The court in Frazier further held that where it is determined that a significant number of prospective jurors have been exposed to the prejudicial coverage, a change of venue is mandated absent a “sufficiently long period of time” between the publication and the application for change of venue: 471 Pa. 121 at 132. In the instant case, there was less than one month between some of the prejudicial coverage4 and defendant’s application. Even if we were to compute the time period in terms of the first possible trial date in July, 1978, Com. v. Kichline, 468 Pa. 265, 276, 361 A. 2d 282 (1976), there would be less than three months between the publicity and trial; an insufficient time for prejudice of this magnitude to dissipate. See Com. v. Frazier, 471 Pa. 121 at 131.
1.
Subsequent to the incidents recorded here, the Rules of Criminal Procedure were amended as follows:
“In cases in which the imposition of a sentence of death is not authorized, when a defendant enters a plea of guilty to a charge of murder generally, the judge before whom the plea was entered shall alone determine the degree of guilt.” Pa.R.Crim.P. 319(c); para, (c) added May 22, 1978, effective July 1, 1978. (The Legal Intelligencer, June 9, 1978.)
2.
We note that under the procedure prescribed by sub-chapter 350, a determination of murder in the first degree could only be made by unanimous vote of the three judge panel: Pa.R.Crim.P. 352(b).
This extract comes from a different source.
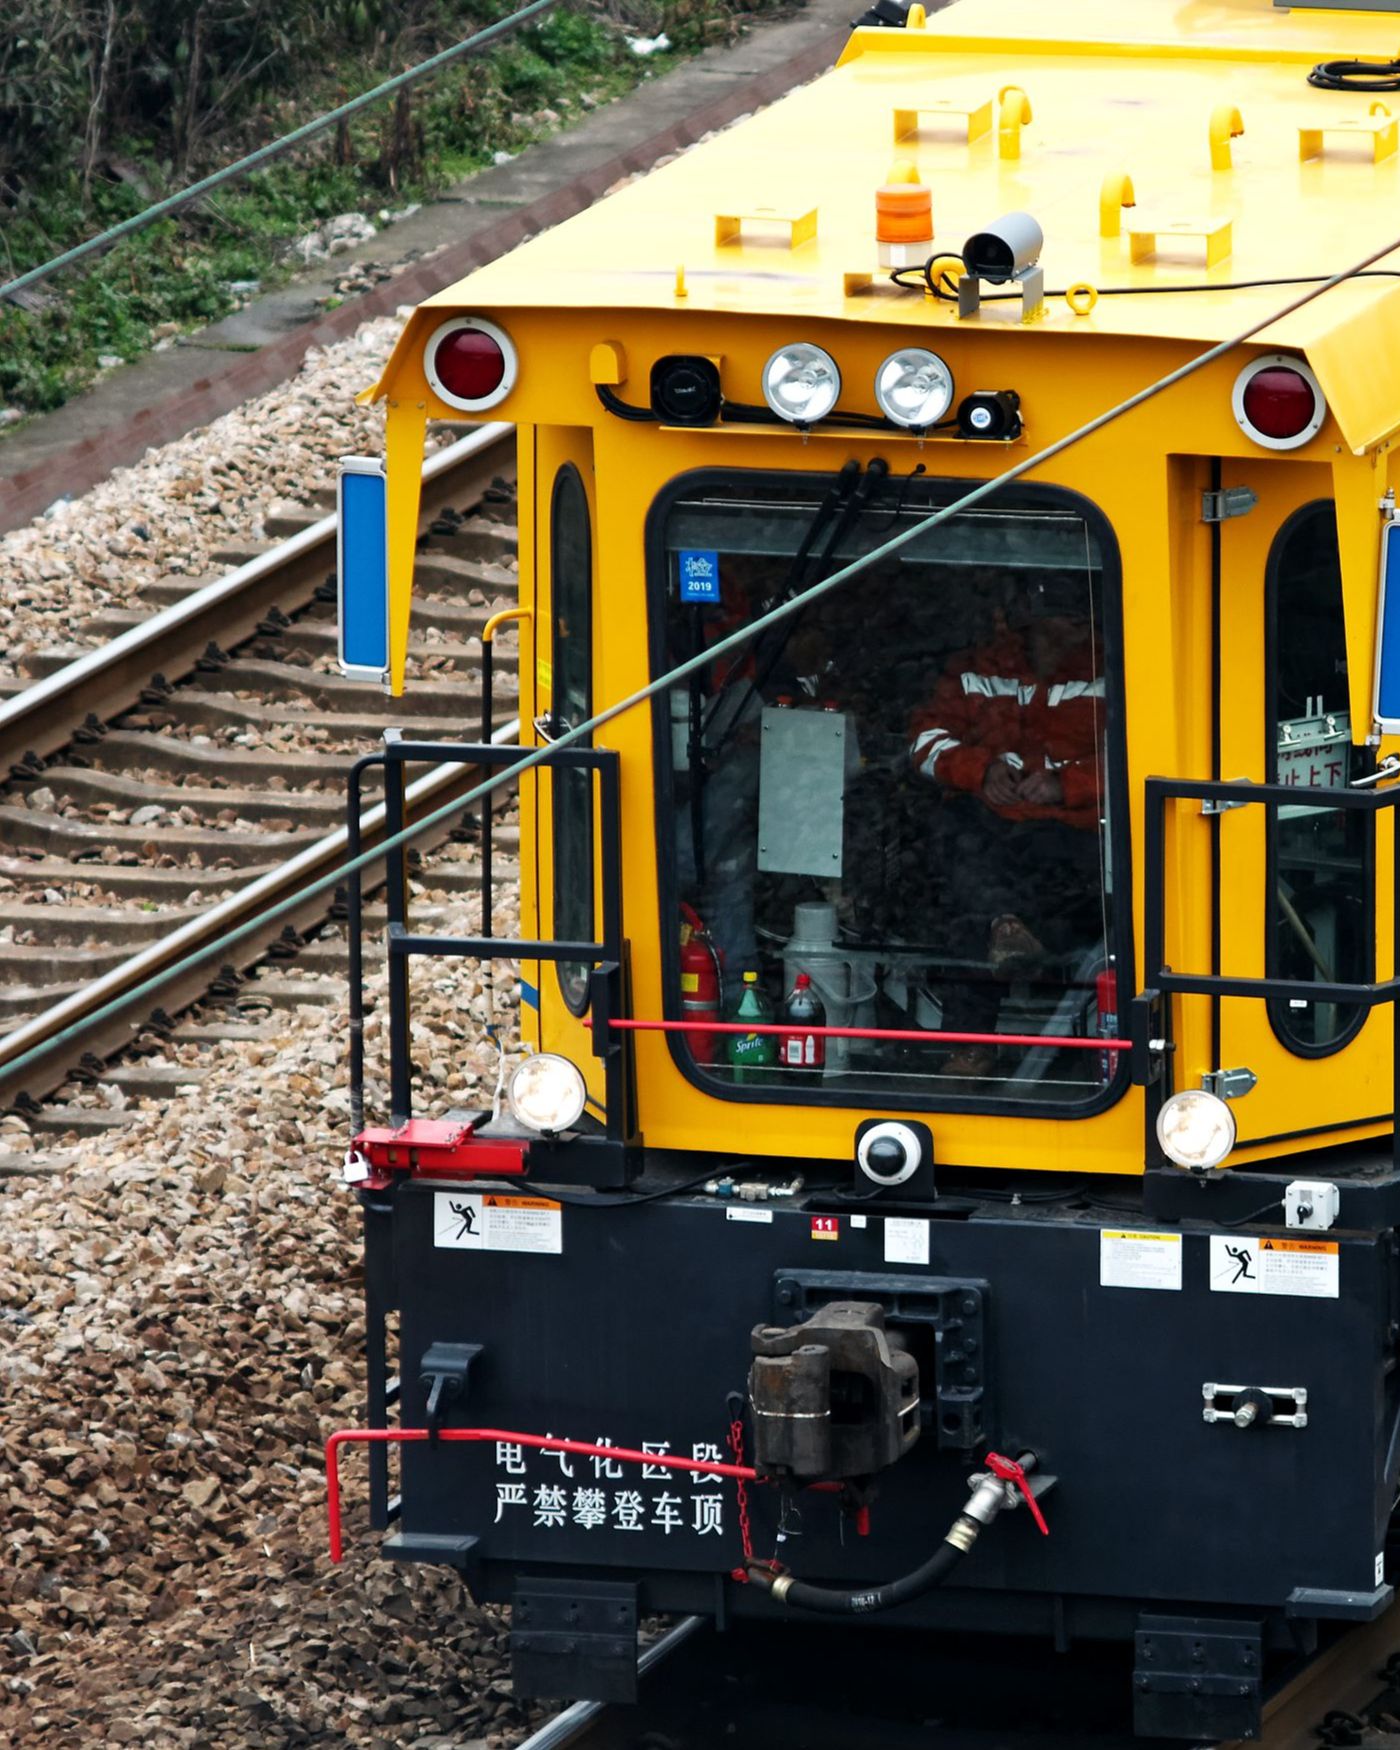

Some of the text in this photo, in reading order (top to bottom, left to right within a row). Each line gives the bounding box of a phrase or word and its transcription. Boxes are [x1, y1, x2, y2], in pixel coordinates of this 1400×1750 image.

As a practical matter, this factor is one that certainly was considered by defendant and his counsel prior to the entry of the plea.
3.
There can be few situations that would more prejudice prospective jurors against a defendant than his voluntary admissions of guilt in open court. What must be even more baffling to the layman is a rule which permits defendant to withdraw these statements upon a change of plea to not guilty.
4.
All three newspapers in the county ran articles April 27, 1978, about defendant’s change of plea to not guilty. Representative was a front page story in the Milton Standard, the headline of which read: “Fegley changes plea to not guilty in surprise move.” This article certainly revived the earlier publicity of March, 1978.